Python 的re模块提供了re.sub用于替换字符串中的匹配项。

compile 函数用于编译正则表达式，生成一个正则表达式（ Pattern ）对象，供 match() 和 search() 这两个函数使用。

findall 在字符串中找到正则表达式所匹配的所有子串，并返回一个列表，如果没有找到匹配的，则返回空列表。

注意： match 和 search 是匹配一次 findall 匹配所有。

finditer 和 findall 类似，在字符串中找到正则表达式所匹配的所有子串，并把它们作为一个迭代器返回。

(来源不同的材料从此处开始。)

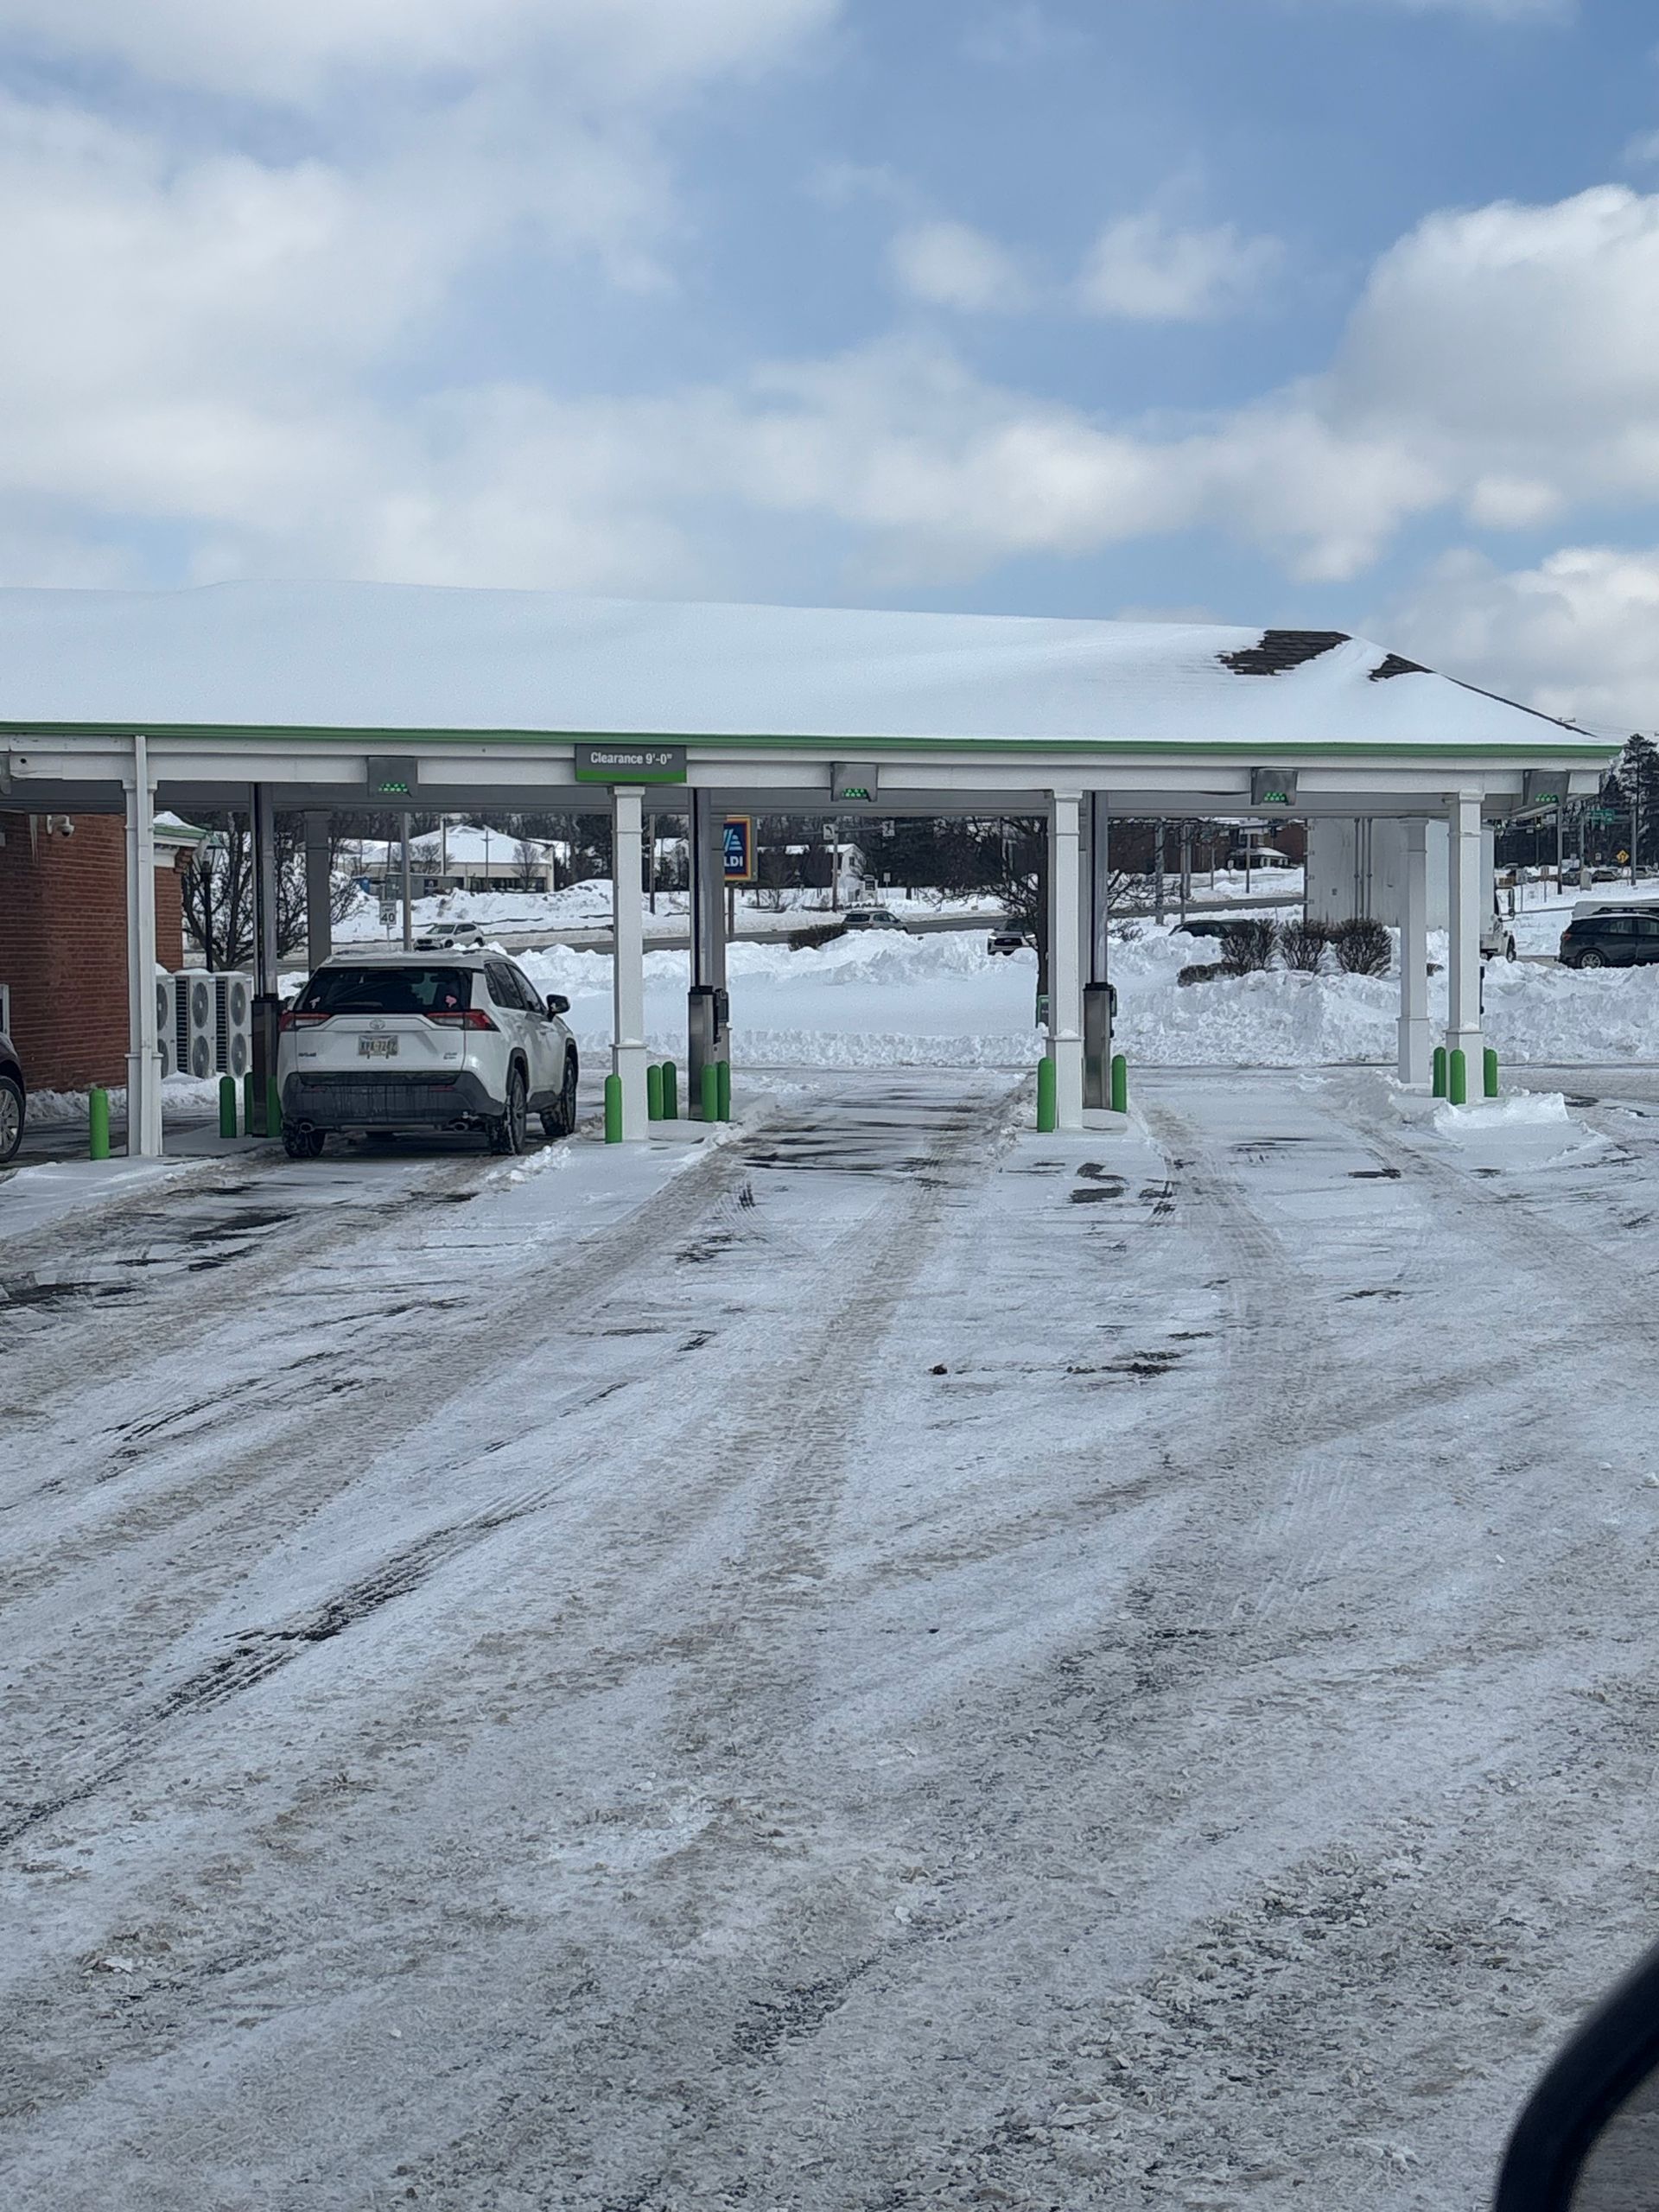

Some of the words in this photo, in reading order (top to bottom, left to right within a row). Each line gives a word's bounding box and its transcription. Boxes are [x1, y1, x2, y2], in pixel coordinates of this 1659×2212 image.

split 方法按照能够匹配的子串将字符串分割后返回列表

\d 可以匹配一个数字；

\d matches any digit, while \D matches any nondigit:

\w 可以匹配一个字母或数字或下划线；

\w matches any character that can be part of a word (Python identifier), that is, a letter, the underscore or a digit, while \W matches any other character:

\W 可以匹配非数字字母下划线；

\s 表示一个空白格（也包括Tab、回车等空白格）；

\s matches any space, while \S matches any nonspace character:

. 表示任意字符；

* 表示任意字符长度（包括0个）（>=0）；（其前面的一个字符，或者通过小括号匹配多个字符）

+ 表示至少一个字符（>=1）；与前面字符合并解析，如\s可以匹配一个空格（也包括Tab等空白符），所以\s+表示至少有一个空格，例如匹配' '，' '等；

# 匹配最左边，即是0个字符

>>> re.search('\d*', 'a123456b')

<_sre.SRE_Match object; span=(0, 0), match=''>

# 匹配最长

>>> re.search('\d\d\d*', 'a123456b')

<_sre.SRE_Match object; span=(1, 7), match='123456'>

>>> re.search('\d\d*', 'a123456b')

<_sre.SRE_Match object; span=(1, 7), match='123456'>

# 两个的倍数匹配

>>> re.search('\d(\d\d)*', 'a123456b')

<_sre.SRE_Match object; span=(1, 6), match='12345'>

+ 表示至少一个字符（>=1）；（其前面的一个字符，或者通过小括号匹配多个字符）

>>> re.search('.\d+', 'a123456b')

<_sre.SRE_Match object; span=(0, 7), match='a123456'>

>>> re.search('(.\d)+', 'a123456b')

<_sre.SRE_Match object; span=(0, 6), match='a12345'>

? 表示0个或1个字符；（其前面的一个字符，或者通过小括号匹配多个字符）

>>> re.search('\s(\d\d)?\s', 'a 12 b')

<_sre.SRE_Match object; span=(1, 5), match=' 12 '>

>>> re.search('\s(\d\d)?\s', 'a  b')

<_sre.SRE_Match object; span=(1, 3), match='  '>

>>> re.search('\s(\d\d)?\s', 'a 1 b')

# 无返回值，没有匹配成功

[ ] 匹配，同时需要转义的字符，在里面不需要，如 [.] 表示点

>>> re.search('[.]', 'abcabc.123456.defdef')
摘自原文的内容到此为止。